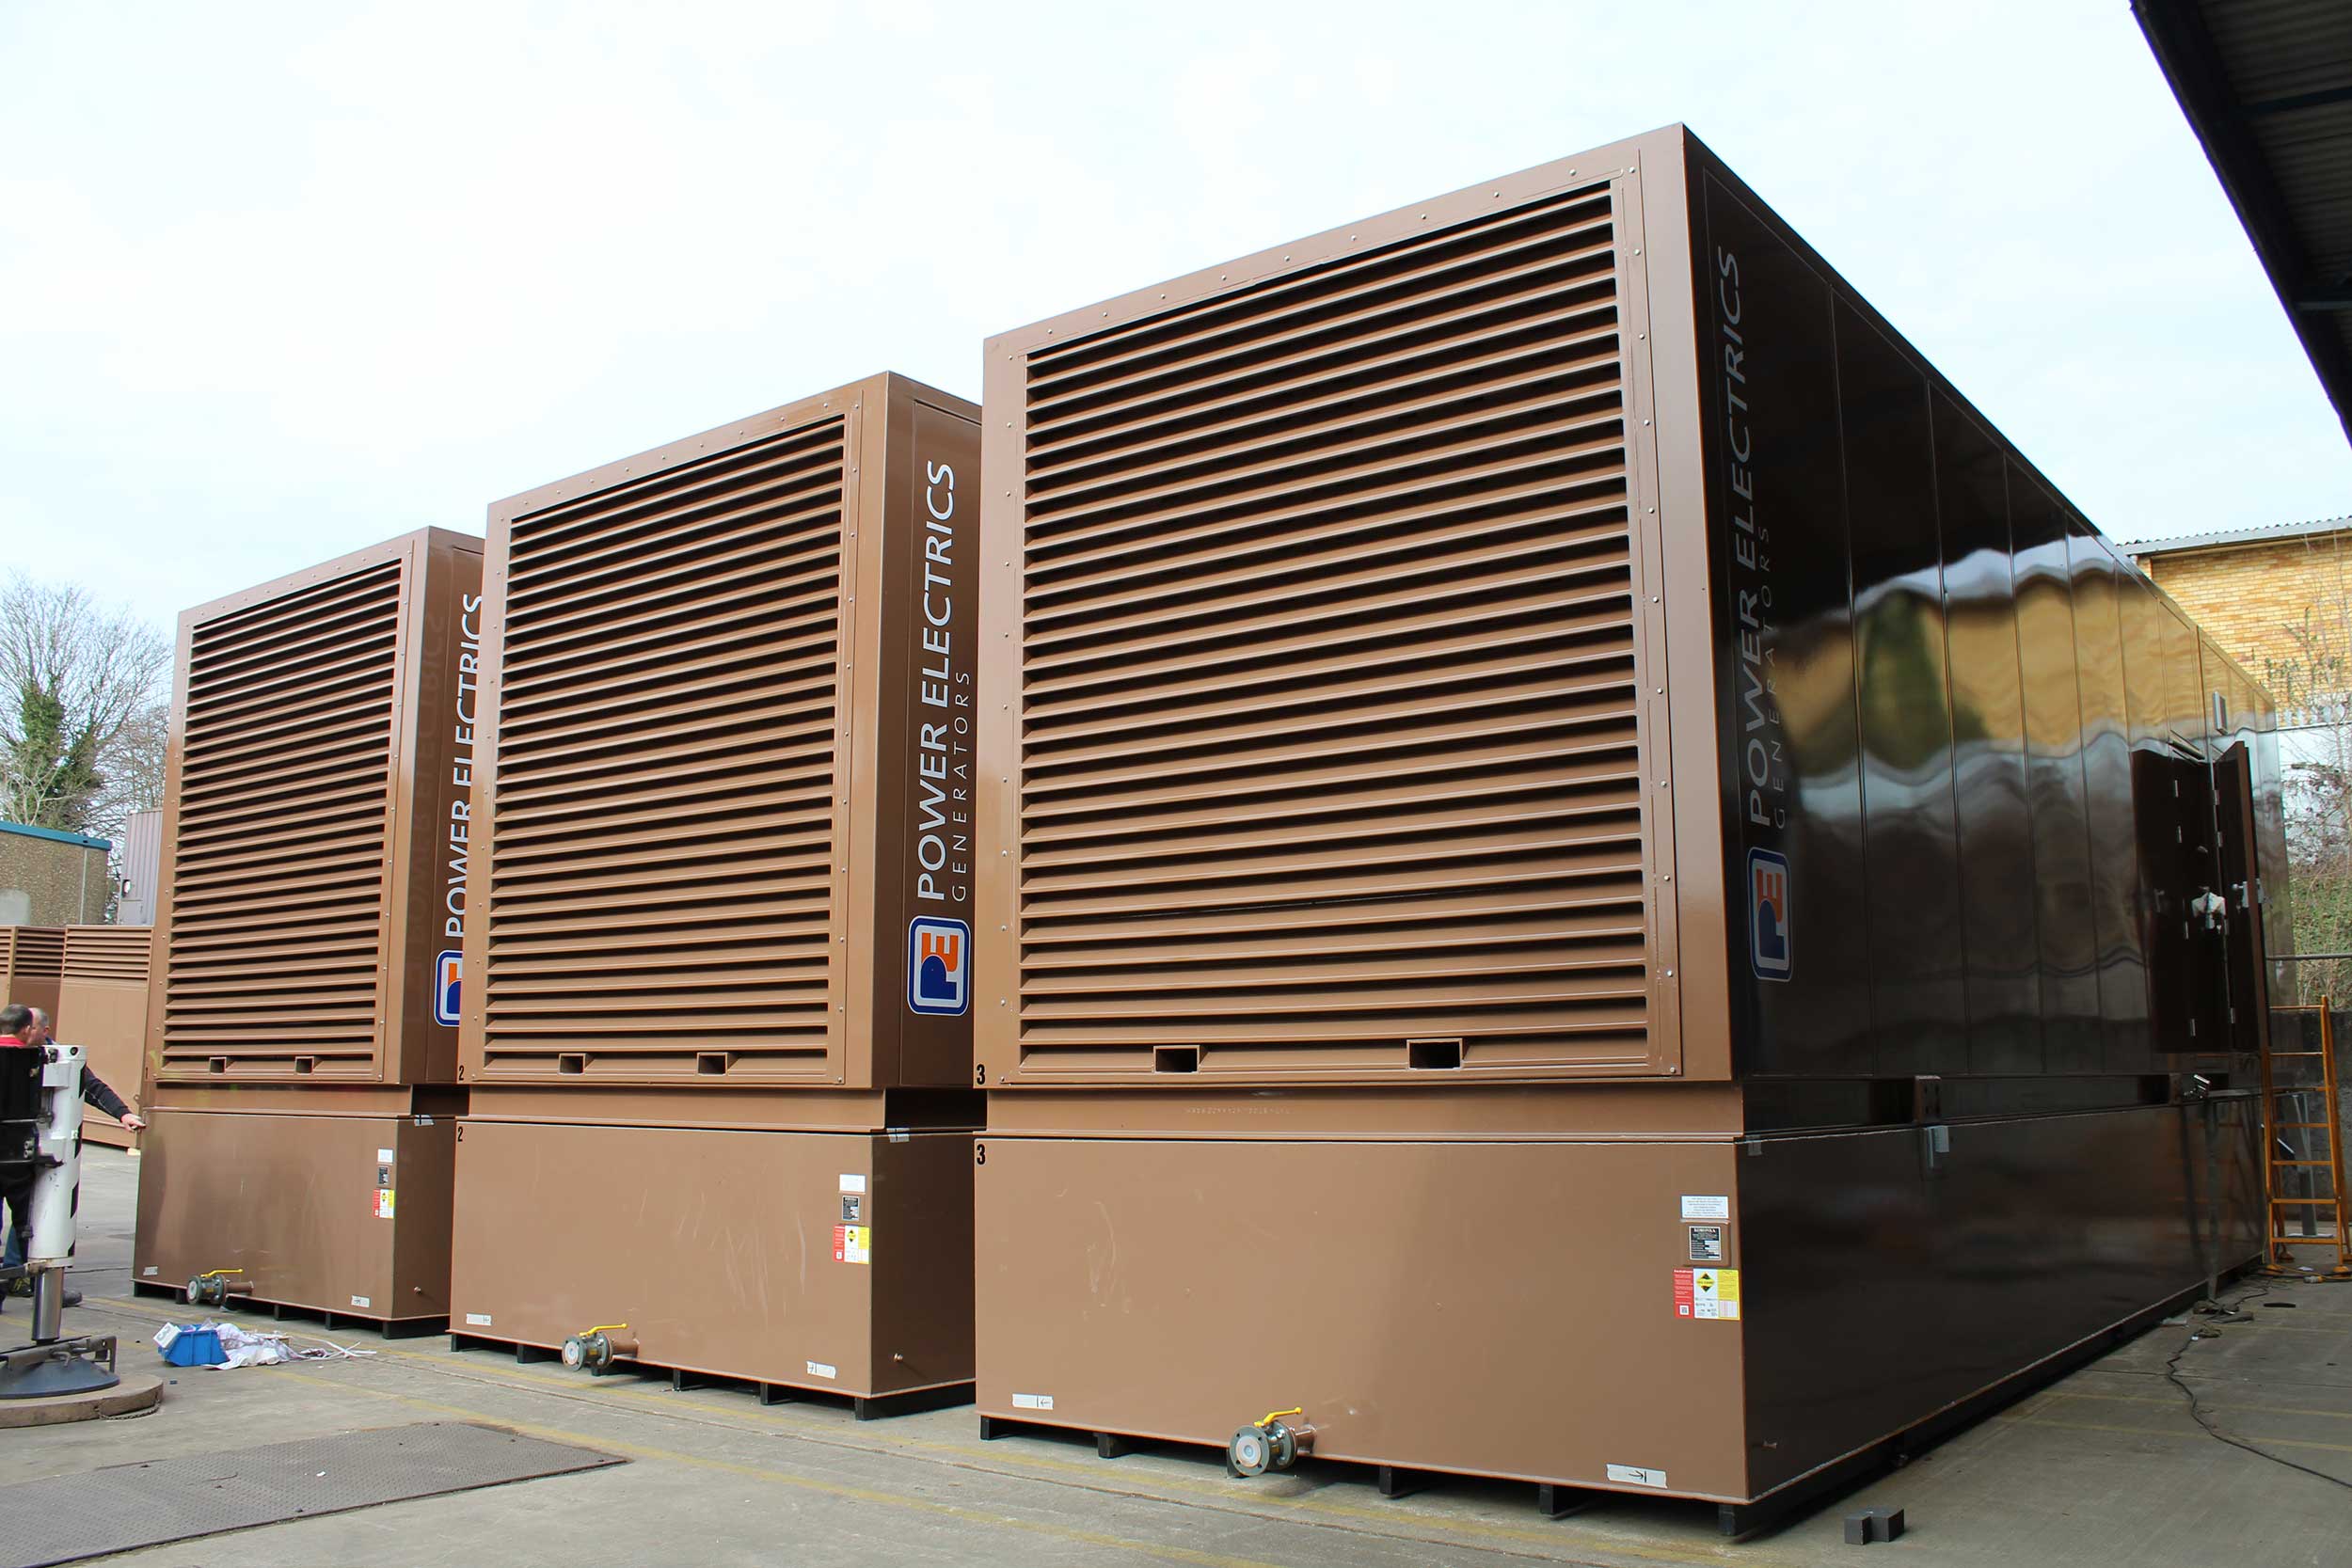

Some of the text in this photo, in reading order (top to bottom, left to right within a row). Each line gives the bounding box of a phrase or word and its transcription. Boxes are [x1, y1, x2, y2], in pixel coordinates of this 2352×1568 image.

[1717, 245, 1772, 827] POWER ELECTRICS
[917, 460, 954, 900] POWER ELECTRICS
[1758, 526, 1787, 830] GENERATORS
[951, 672, 970, 902] GENERATORS
[445, 800, 470, 938] POWER
[457, 1126, 464, 1142] 2
[458, 1065, 465, 1081] 2
[976, 1063, 986, 1085] 3
[976, 1144, 986, 1165] 3
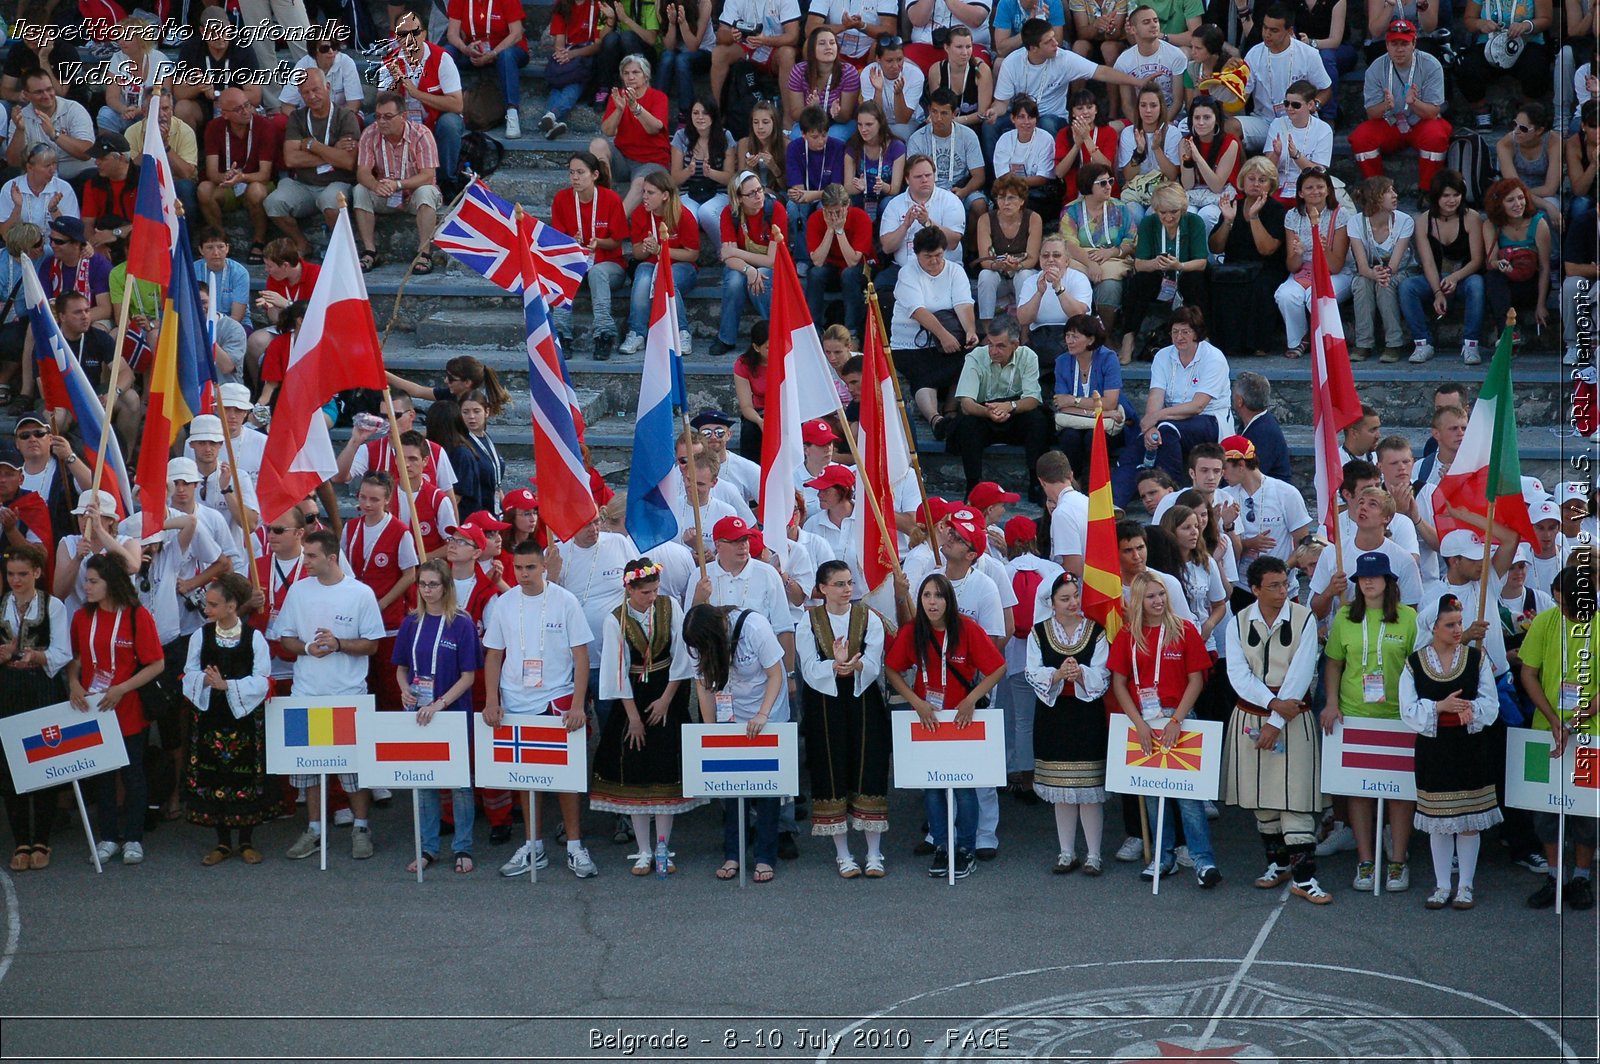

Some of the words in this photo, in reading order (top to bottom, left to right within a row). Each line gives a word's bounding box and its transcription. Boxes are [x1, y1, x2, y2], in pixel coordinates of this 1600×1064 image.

[45, 758, 96, 778] Slovakia
[297, 756, 347, 767] Romania
[394, 770, 434, 782] Poland
[509, 772, 553, 786] Norway
[927, 771, 974, 782] Monaco
[704, 780, 778, 792] Netherlands
[1130, 776, 1194, 791] Macedonia
[1361, 779, 1401, 793] Latvia
[1547, 792, 1576, 809] Italy
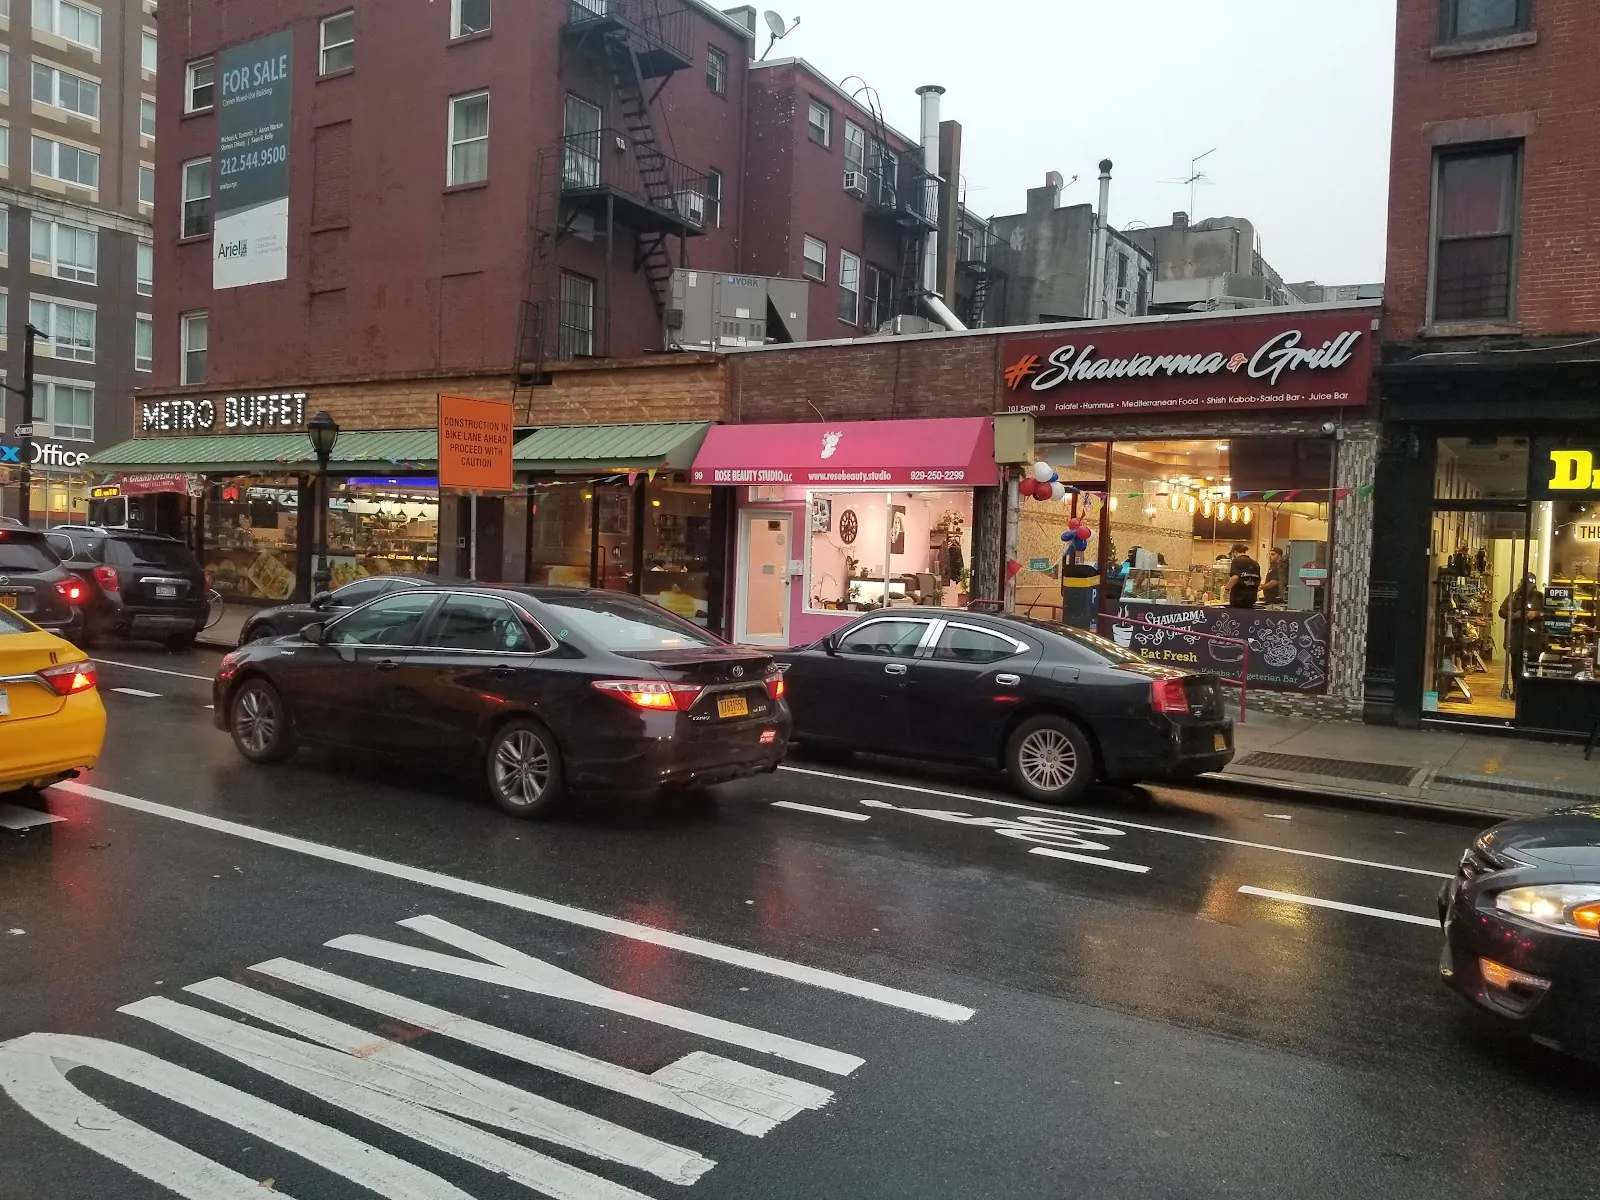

— EXERCISE DESCRIPTION —
Please set the data above down exactly, with the pictures removed.

— PROBLEM SOLUTION —
Some of the text in this photo, in reading order (top to bottom, left to right within a row). Each line gives the bounding box of a phrase or word and its transcription. Boxes are [x1, y1, x2, y2], in pixel coordinates of this 2352×1568 image.

[1717, 245, 1772, 827] POWER ELECTRICS
[917, 460, 954, 900] POWER ELECTRICS
[1758, 526, 1787, 830] GENERATORS
[951, 672, 970, 902] GENERATORS
[445, 800, 470, 938] POWER
[457, 1126, 464, 1142] 2
[458, 1065, 465, 1081] 2
[976, 1063, 986, 1085] 3
[976, 1144, 986, 1165] 3

Some of the words in this photo, in reading order (top to bottom, left to right within a row). Each line gives a word's bounding box and its transcription. Boxes are [x1, y1, x2, y2], in pixel coordinates of this 1600×1064 image.

[45, 758, 96, 778] Slovakia
[297, 756, 347, 767] Romania
[394, 770, 434, 782] Poland
[509, 772, 553, 786] Norway
[927, 771, 974, 782] Monaco
[704, 780, 778, 792] Netherlands
[1130, 776, 1194, 791] Macedonia
[1361, 779, 1401, 793] Latvia
[1547, 792, 1576, 809] Italy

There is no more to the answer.